UNITED STATES DISTRICT COURT FOR THE DISTRICT OF COLUMBIA
December 5, 2011
GREGORY T. HOWARD, PLAINTIFF,
UNITED STATES OF AMERICA, DEFENDANT.
The opinion of the court was delivered by: Emmet G. Sullivan United States District Judge
MEMORANDUM OPINION AND ORDER
Plaintiff, having demonstrated a pattern of abusive filing, is currently prohibited from filing any further documents in this case without leave of Court. Mem. Op. and Order at 11--13, ECF No. 71. Plaintiff violated that prohibition by filing a motion without seeking the Court's leave. See Pl.'s Federal Rule 60(b) Civil Procedures Mot. to Vacate Marginal Order Granting Def.'s Mot. for Extension of Time to Respond to ECF No. 77 Mot. and to File an Dispositive Mot. in this Action, ECF No. 85. The Court, by minute order, therefore terminated and struck that motion from the record. Minute Order, Oct. 25, 2011. Plaintiff has noticed an interlocutory appeal of that minute order. See Leave to File/Notice of Appeal, ECF No. 91.

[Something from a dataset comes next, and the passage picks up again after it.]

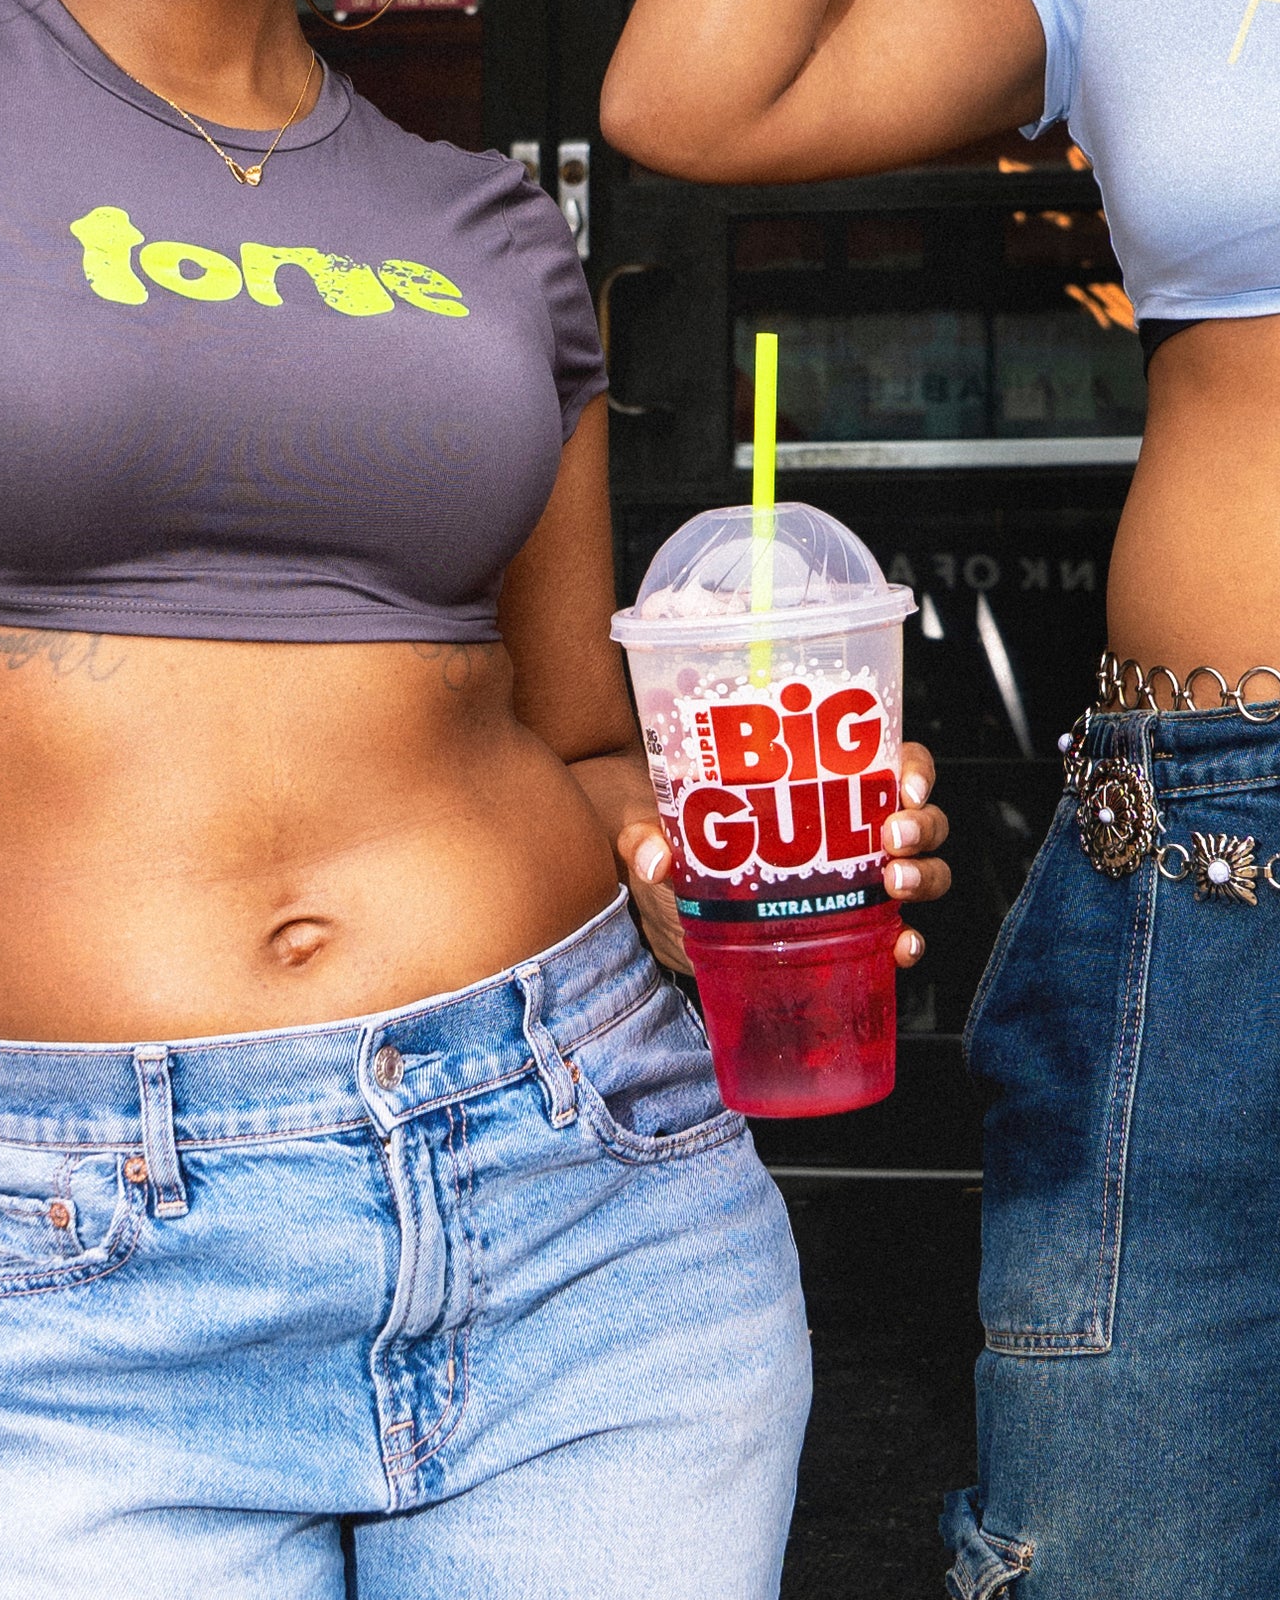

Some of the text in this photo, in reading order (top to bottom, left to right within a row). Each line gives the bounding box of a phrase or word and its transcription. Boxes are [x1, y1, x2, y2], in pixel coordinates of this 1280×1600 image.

Plaintiff thereafter submitted two motions to the Court, which the Court permitted to be filed. The first is a motion for leave to appeal in forma pauperis (IFP). Mot. for Leave/Affidavit in Supp. of Pauper Status, ECF No. 92 [hereinafter IFP Mot.]. The second is a motion to stay this case during the pendency of the appeal. Mot. to Stay all Matters Pending Appeal, ECF No. 93 [hereinafter Mot. to Stay]. Both will be denied.

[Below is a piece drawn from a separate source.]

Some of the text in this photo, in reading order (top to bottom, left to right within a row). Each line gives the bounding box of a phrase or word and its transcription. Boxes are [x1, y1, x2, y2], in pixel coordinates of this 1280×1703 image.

"Whether to permit or deny an application to proceed in forma pauperis is within the sound discretion of the Court." Watson v. Mukasey, No. 08-cv-1058, 2009 WL 1312540, at *1 (D.D.C. May 12, 2009). In exercising that discretion, district courts consider whether "the affiant demonstrates that 'because of his poverty [he cannot] pay or give security for the costs . . . and still be able to provide [himself] and dependents with the necessities of life.'" Id. (quoting Adkins v. E.I. DuPont de Nemours & Co., 335 U.S. 331, 339 (1948)). But Courts may also consider non-financial factors, such as evidence of abusive filing or the low likelihood of success on appeal. See Ruston v. U.S. Secret Serv., 751 F. Supp. 2d 59, 60--61 (D.D.C. 2010); Campbell v. United States, No. 92-cr-0213, 2006 WL 2244594, at *1 (D.D.C. Aug. 4, 2006).

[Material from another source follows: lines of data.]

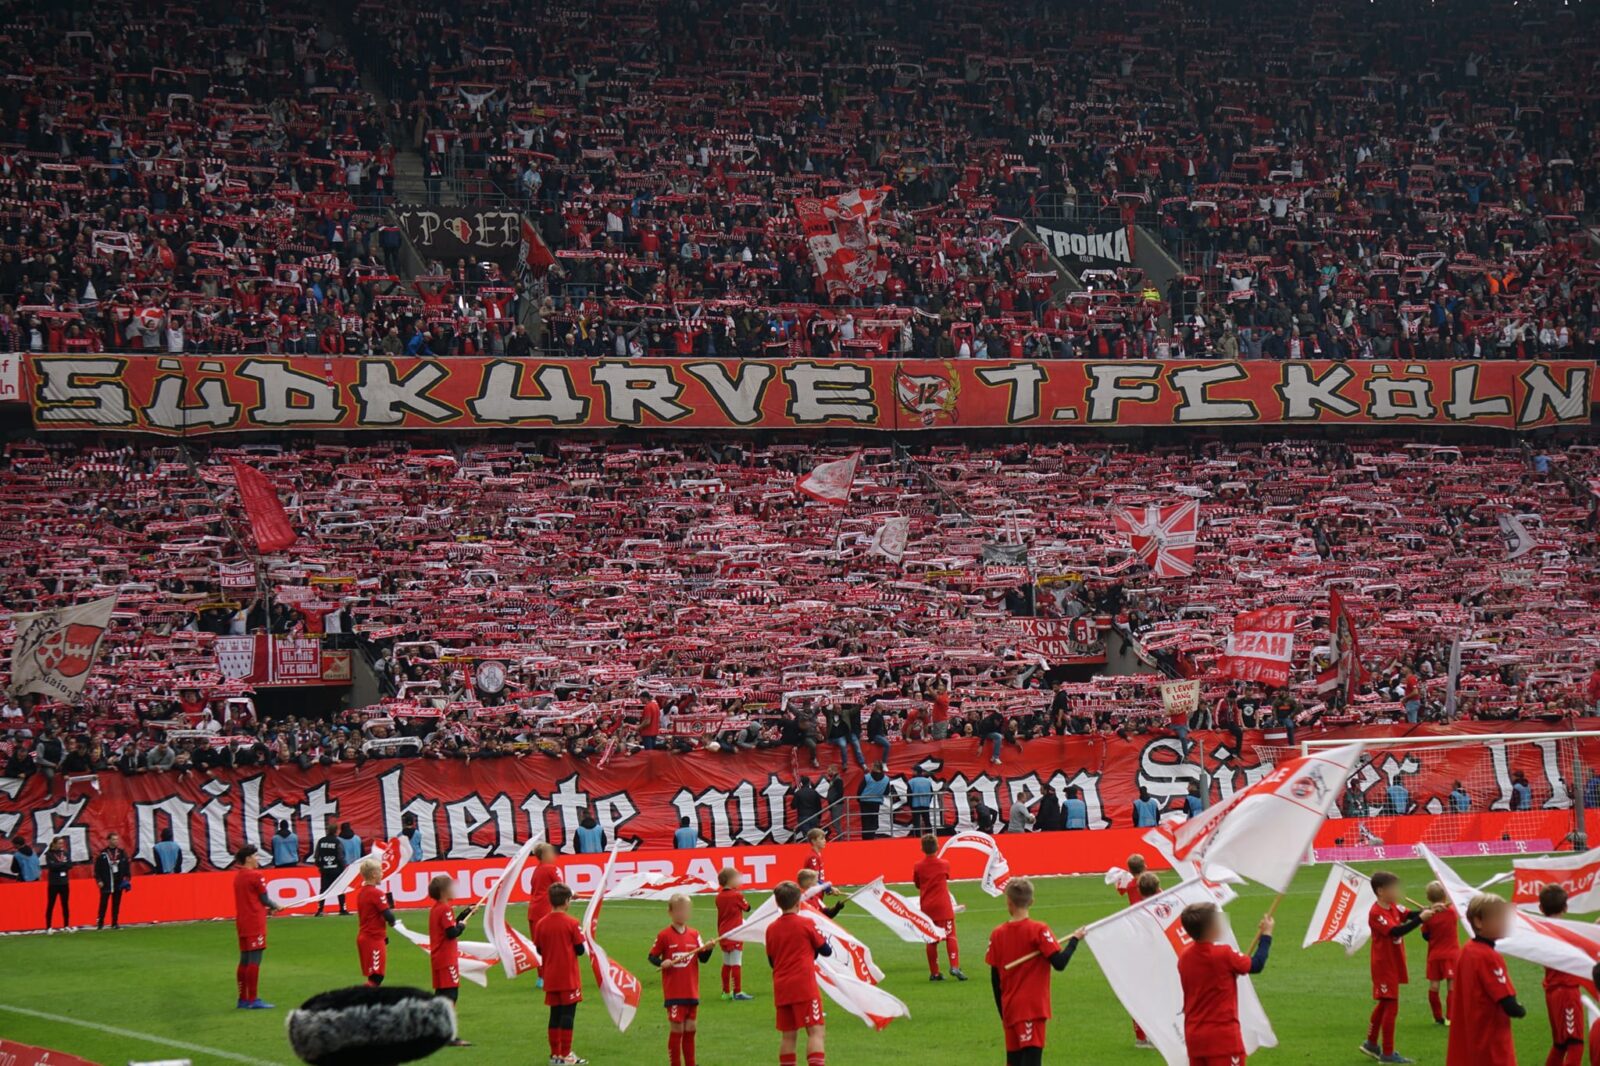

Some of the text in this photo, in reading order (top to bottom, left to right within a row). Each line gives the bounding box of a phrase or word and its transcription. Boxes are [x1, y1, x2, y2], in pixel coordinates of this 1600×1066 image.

[1036, 225, 1131, 264] TROIKA
[33, 357, 880, 428] SÜDKURVE
[1275, 361, 1591, 429] KÖLN
[378, 764, 641, 862] heute
[670, 773, 833, 849] nu

Although Plaintiff claims to be a pauper, IFP Mot. at 1, the Court will exercise its discretion to deny IFP status, upon consideration of the non-economic factors apparent in this case. First, as the Court has previously found, Plaintiff has filed "many repetitious and unnecessary motions" in this case. Mem. Op. and Order at 11, ECF No. 71. Second, Plaintiff is not likely to succeed on his appeal, considering that the Court of Appeals likely lacks jurisdiction to consider Plaintiff's appeal of the Court's interlocutory order. See 28 U.S.C. § 1292. Therefore, the motion for leave to appeal IFP will be denied.
Concerning the request for a stay, "[t]o prevail on a motion for a stay pending appeal, a party must show: (1) a likelihood of prevailing on the merits of its appeal; (2) that it will suffer irreparable injury absent the stay; (3) that the non-moving party will not be harmed by the issuance of a stay; and (4) that the public interest will be served by a stay." Al Maqaleh v. Gates, 620 F.Supp.2d 51, 58 (D.D.C. 2009)(citing United States v. Philip Morris, Inc., 314 F.3d 612, 617 (D.C. Cir. 2003)). Plaintiff's simple assertions that he is substantially likely to prevail, that he will suffer irreparable injury absent the stay, that Defendants will not be more than minimally harmed if the stay is granted, and that the public interest favors a stay, see Mot. to Stay at 1, do not suffice to show that those assertions are true. They are but conclusions with no argument.*fn1 Therefore, the motion to stay this case will be denied.
Accordingly, it is hereby
ORDERED that the Motion for Leave/Affidavit in Support of Pauper Status, ECF No. 92, is DENIED; and it is
FURTHER ORDERED that the Motion to Stay all Matters Pending Appeal, ECF No. 93, is DENIED.